The circadian clock regulates temporal metabolic activities, but how it affects lipid metabolism is poorly understood. Here, we show that the central clock regulators LATE ELONGATED HYPOCOTYL (LHY) and CIRCADIAN CLOCK ASSOCIATED 1 (CCA1) regulate the initial step of fatty acid (FA) biosynthesis in Arabidopsis. Triacylglycerol (TAG) accumulation in seeds was increased in LHY-overexpressing (LHY-OE) and decreased in lhycca1 plants. Metabolic tracking of lipids in developing seeds indicated that LHY enhanced FA synthesis.
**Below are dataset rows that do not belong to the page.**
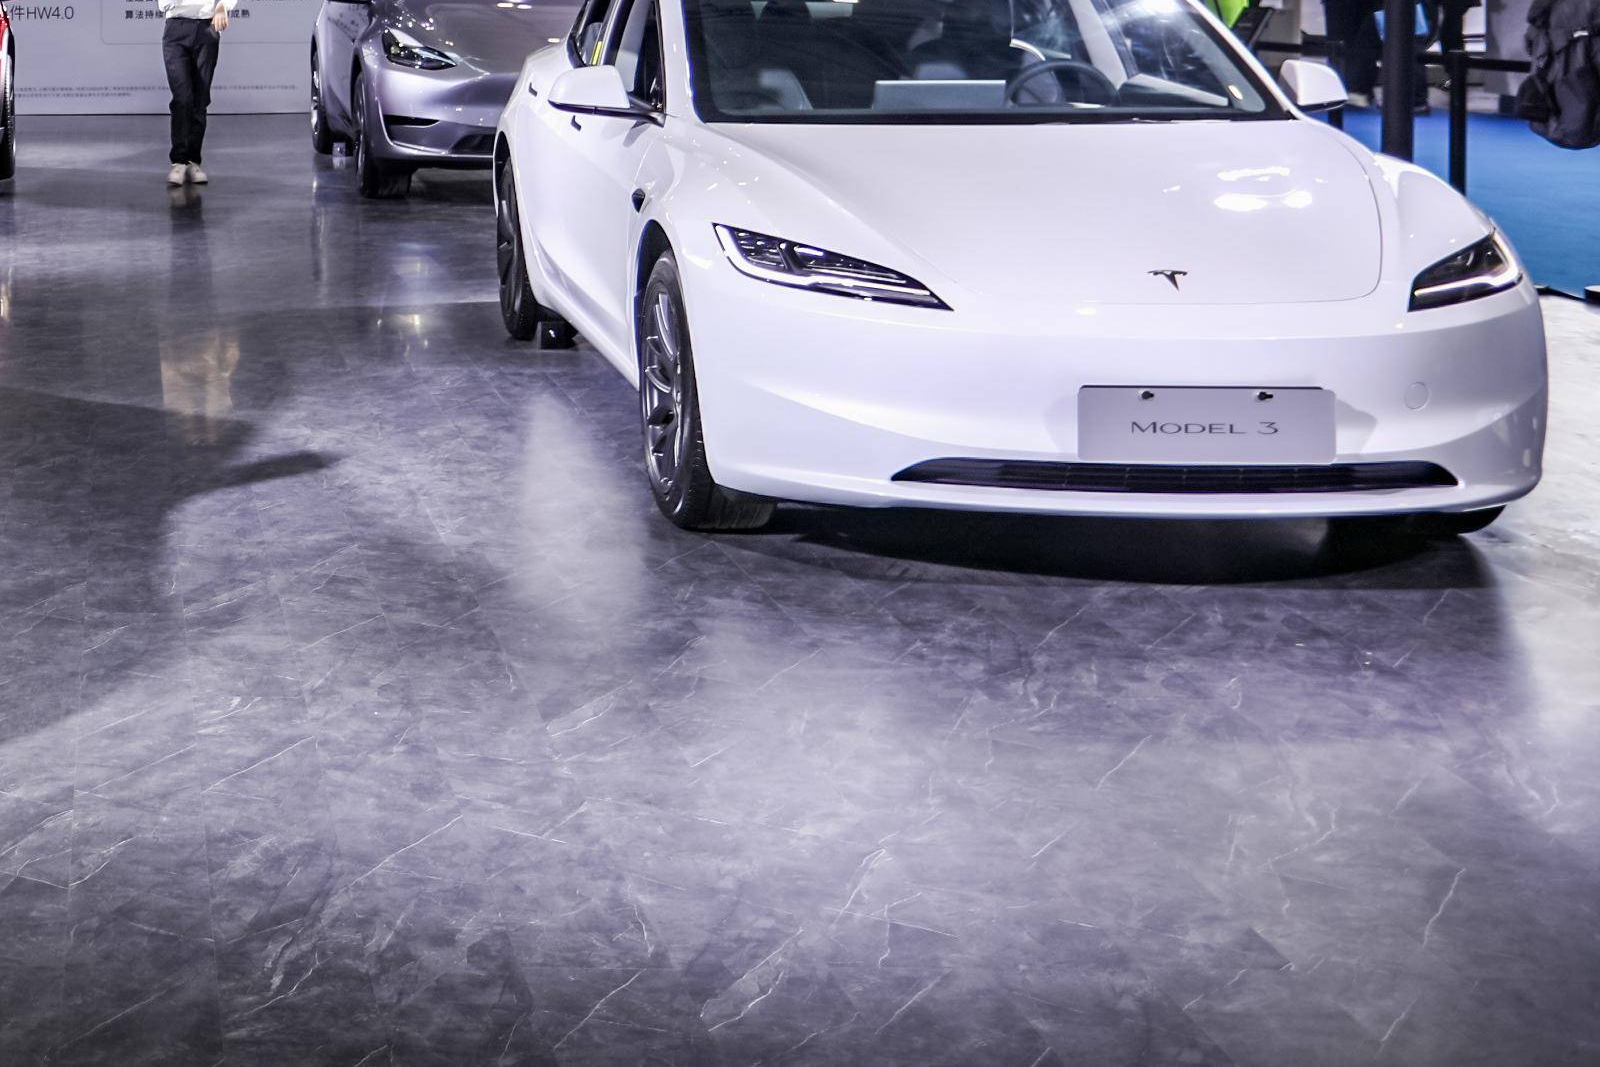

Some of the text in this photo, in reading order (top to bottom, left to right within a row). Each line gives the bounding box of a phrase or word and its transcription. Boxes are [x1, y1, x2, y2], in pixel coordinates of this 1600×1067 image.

[9, 5, 75, 21] 件HW4.0
[1131, 421, 1279, 435] MODEL 3
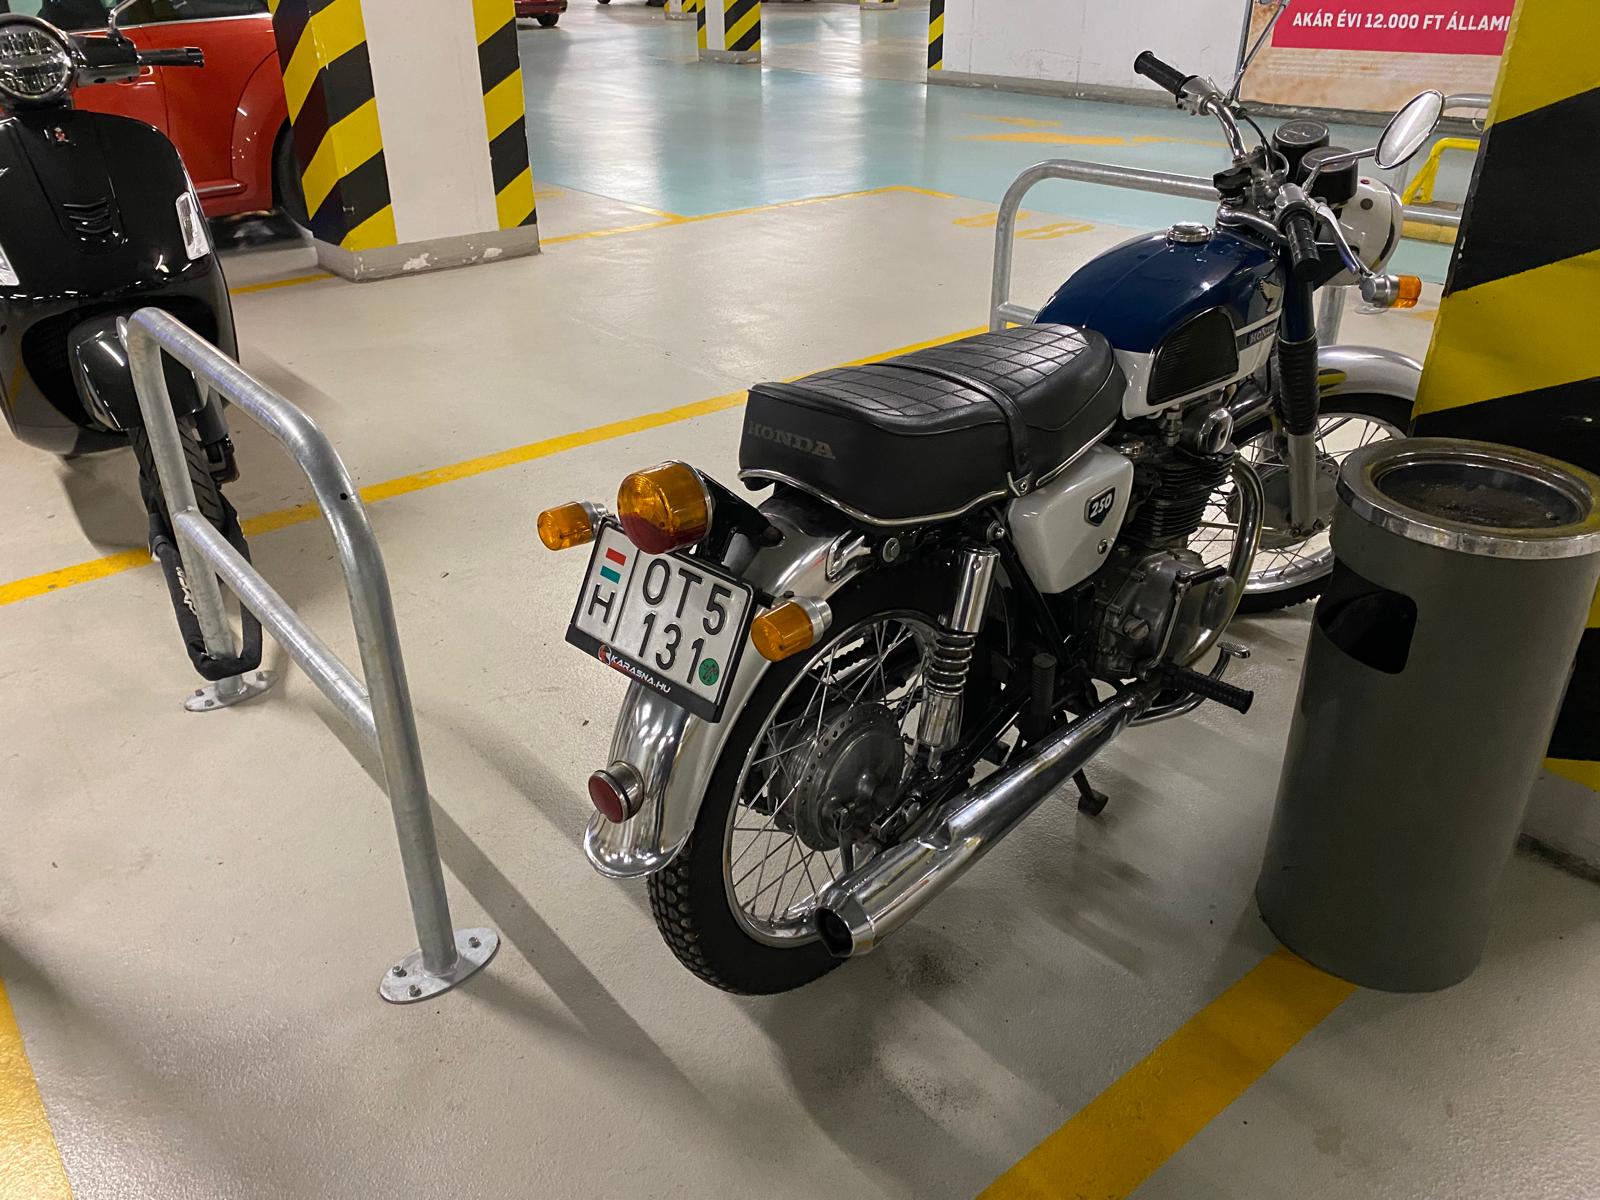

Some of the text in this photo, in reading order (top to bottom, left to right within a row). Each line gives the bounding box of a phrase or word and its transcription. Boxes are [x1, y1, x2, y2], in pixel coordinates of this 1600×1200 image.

[1292, 9, 1510, 32] AKÁR ÉVI 12.000 FT ÁLLAMI
[746, 420, 836, 460] HONDA
[1090, 493, 1113, 518] 250
[588, 583, 616, 624] H
[642, 557, 732, 636] OT5
[638, 612, 705, 685] 131
[610, 654, 671, 693] KARASNA.HU
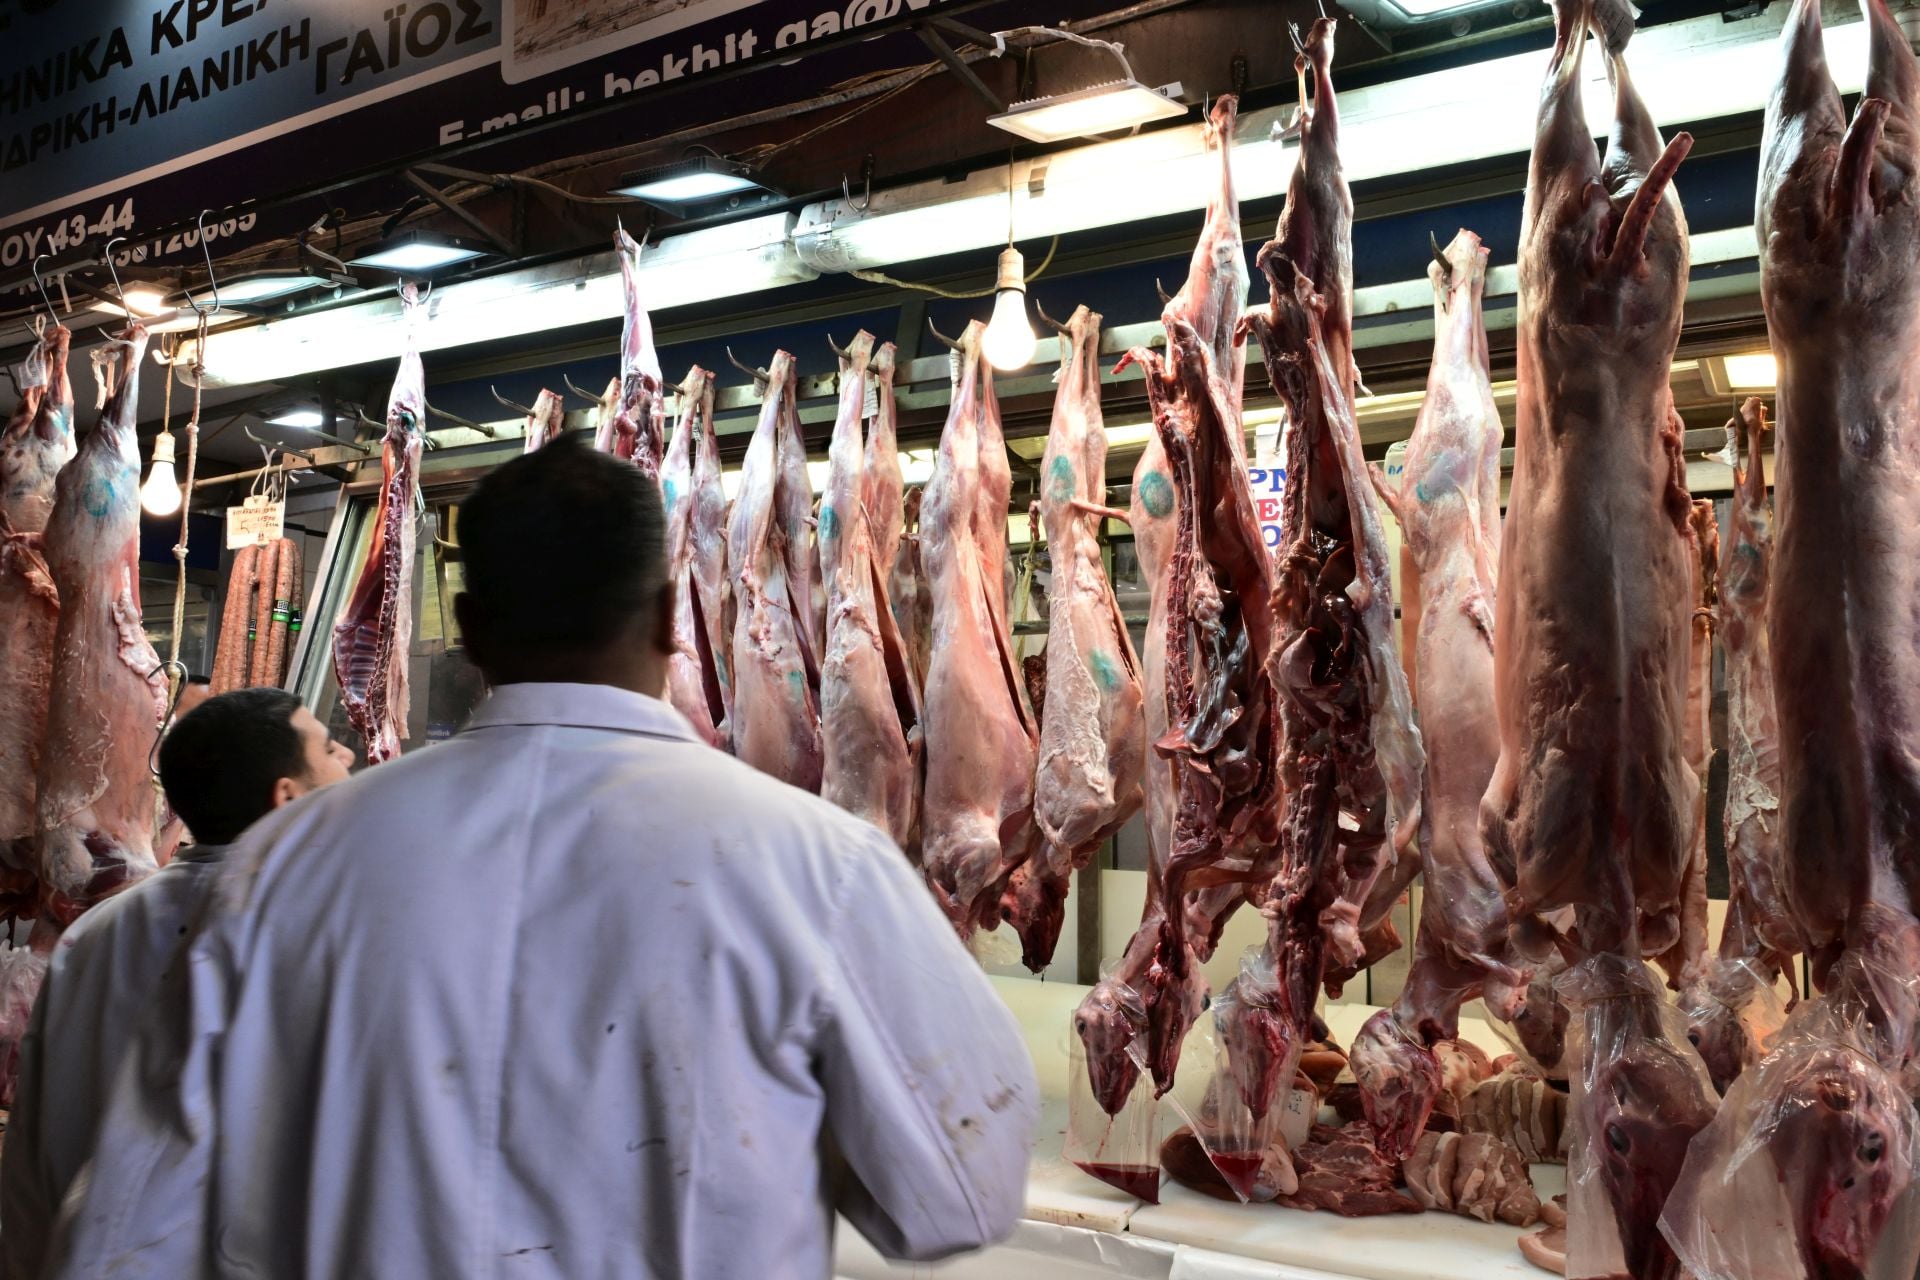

Transcript analysis revealed that the expression of genes involved in FA synthesis, including the one encoding β-ketoacyl-ACP synthase III (KASIII), was oppositely changed in developing seeds of LHY/CCA1-OEs and lhycca1. Chromatin immunoprecipitation, electrophoretic mobility shift, and transactivation assays indicated that LHY bound and activated the promoter of KASIII. Furthermore, phosphatidic acid, a metabolic precursor to TAG, inhibited LHY binding to KASIII promoter elements. Our data show a regulatory mechanism for plant lipid biosynthesis by the molecular clock.

Keywords: Arabidopsis; CP: Plants; Clock regulation of lipid metabolism; LHY/CCA1; Lipid-clock interconnection; b-ketoacyl-ACP synthase III (KASIII); circadian clock; fatty acid synthesis; lipid signaling; phosphatidic acid; seed oil; transcriptional regulation.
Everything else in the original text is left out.